Taste testers have sampled the world’s first lab-grown burger in Riverside Studios, West London, where the event marking the launch was held.
The tasting event was broadcast online via streaming video. The burger was cooked in the presence of reporters and taste-tested by Chicago-based author and food writer Josh Schonwald and Austrian nutritionist Hanni Rutzler.
Both the tasters noted that the burger tasted 'almost' like a conventional one. While Rützler said that it is close to meat, but not as juicy, Schonwald said the product tasted like an animal protein cake.
The lab-grown burger is the result of a research project by the team led by biologist Mark Post at Maastricht University in the Netherlands.

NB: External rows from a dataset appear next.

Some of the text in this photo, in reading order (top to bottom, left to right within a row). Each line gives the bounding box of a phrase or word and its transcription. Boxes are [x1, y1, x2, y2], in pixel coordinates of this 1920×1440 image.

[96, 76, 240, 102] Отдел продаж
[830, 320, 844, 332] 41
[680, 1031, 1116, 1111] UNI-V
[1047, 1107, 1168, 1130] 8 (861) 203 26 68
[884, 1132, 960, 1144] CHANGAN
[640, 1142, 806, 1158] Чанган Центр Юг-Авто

The project was funded by the Dutch government and a donation of more than $330,000 from Google co-founder Sergey Brin. Although the research spanned over a period of five years, it took the team only three months to grow the burger.
In order to produce artificial meat, the stem cells were placed in a broth containing serum from a cow foetus and vital nutrients, through which muscle cells were allowed to grow and multiply up to 30 times.

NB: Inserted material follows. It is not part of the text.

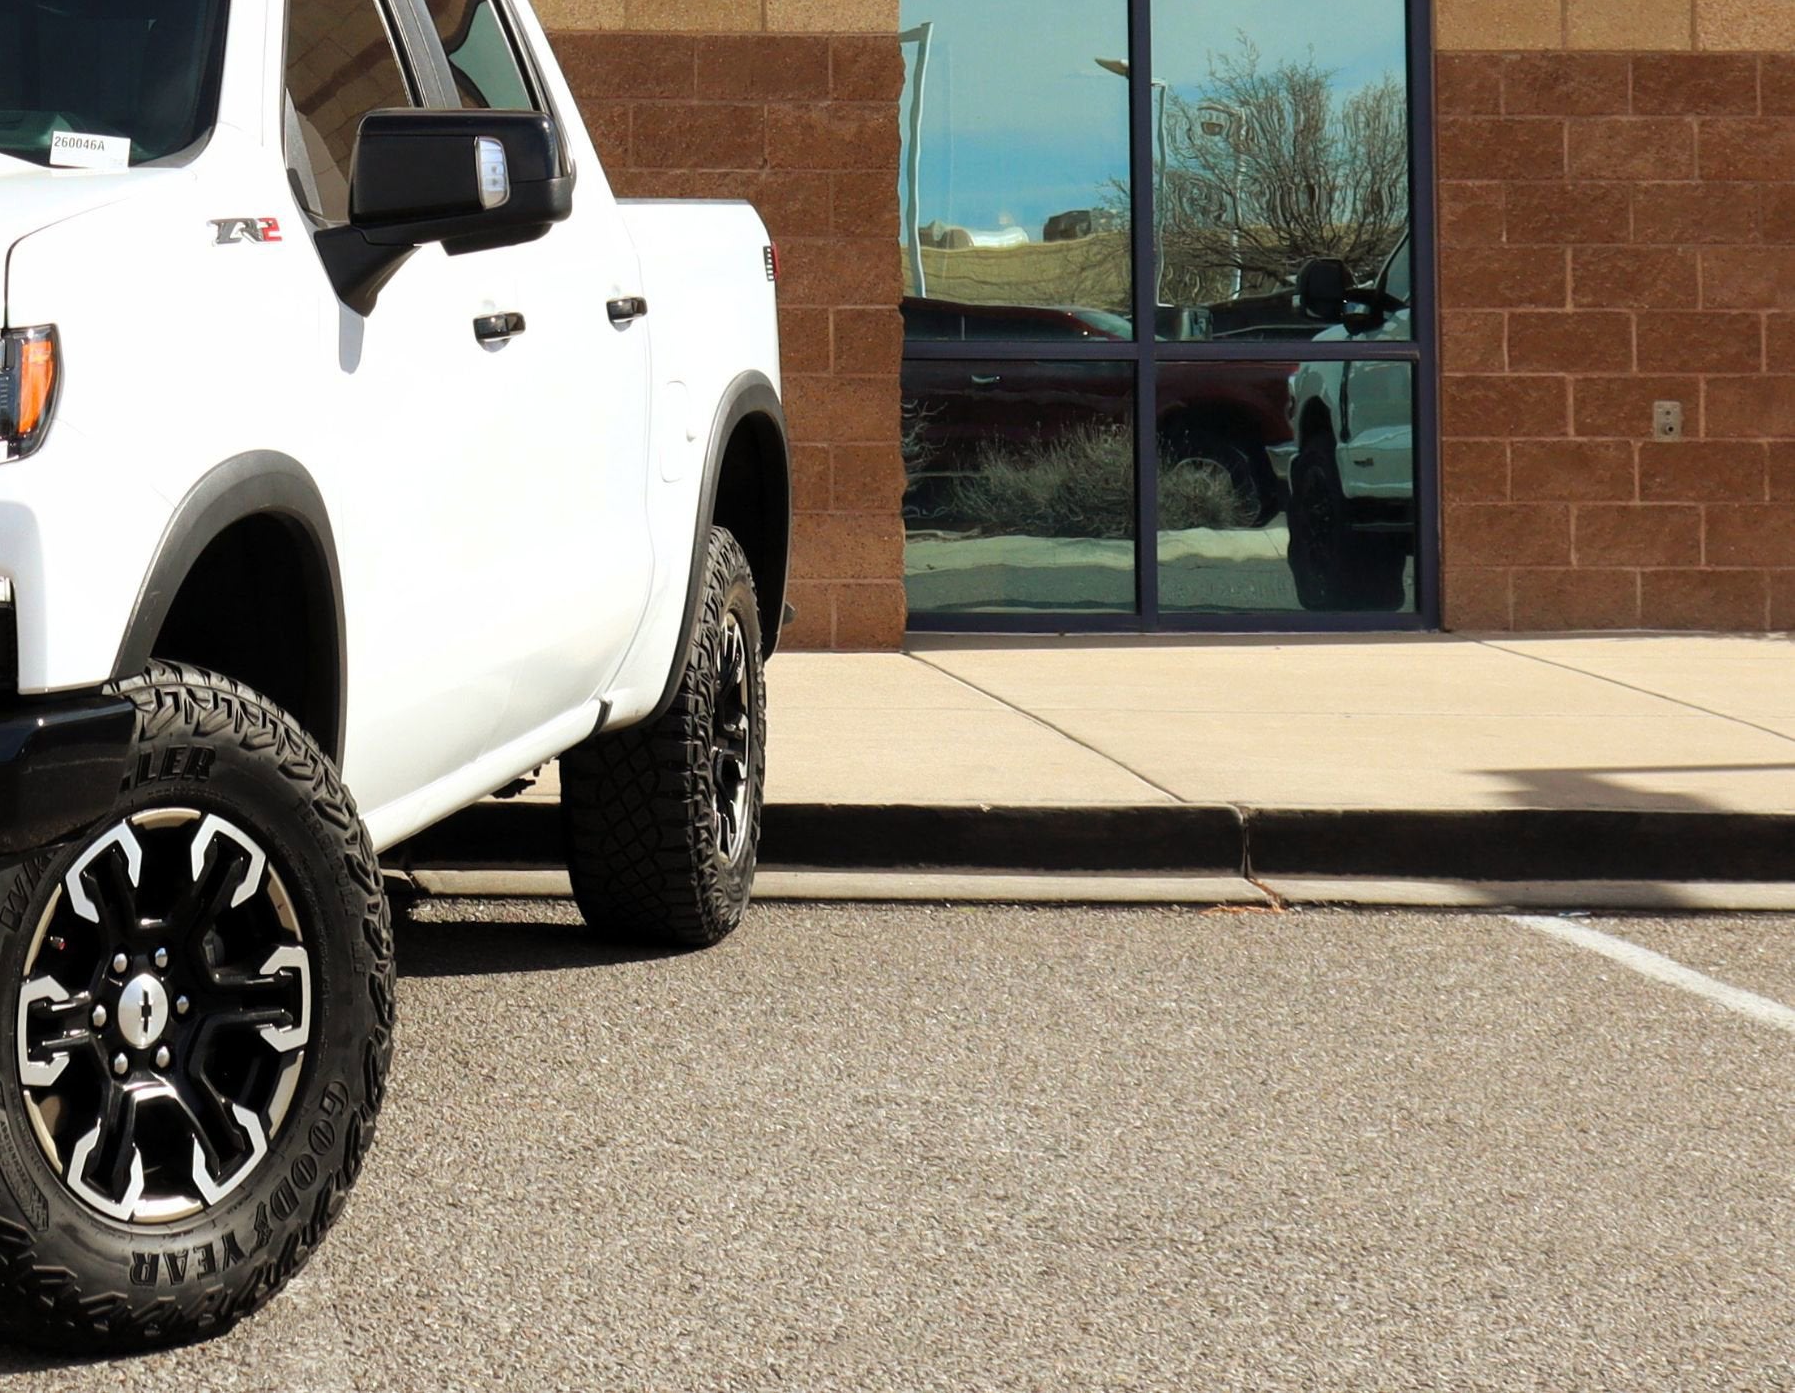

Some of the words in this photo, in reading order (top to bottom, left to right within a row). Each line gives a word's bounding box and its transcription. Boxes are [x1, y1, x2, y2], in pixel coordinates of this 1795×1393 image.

[53, 135, 106, 152] 260046A
[207, 217, 283, 245] ZR2
[129, 1079, 351, 1288] GOODYEAR

The meat is combined with 200 strips of fat tissue developed in a similar manner and chopped finely, to develop a hamburger. Scientists expect the meat to be sold to public in ten years.
Scientists expect the mass production of meat in the laboratory to cut down the number of cattle farmed for food, reduce greenhouse gas emissions and address the growing global demand for meat as each animal would be able to produce a million times more meat, compared to the traditional process of slaughter.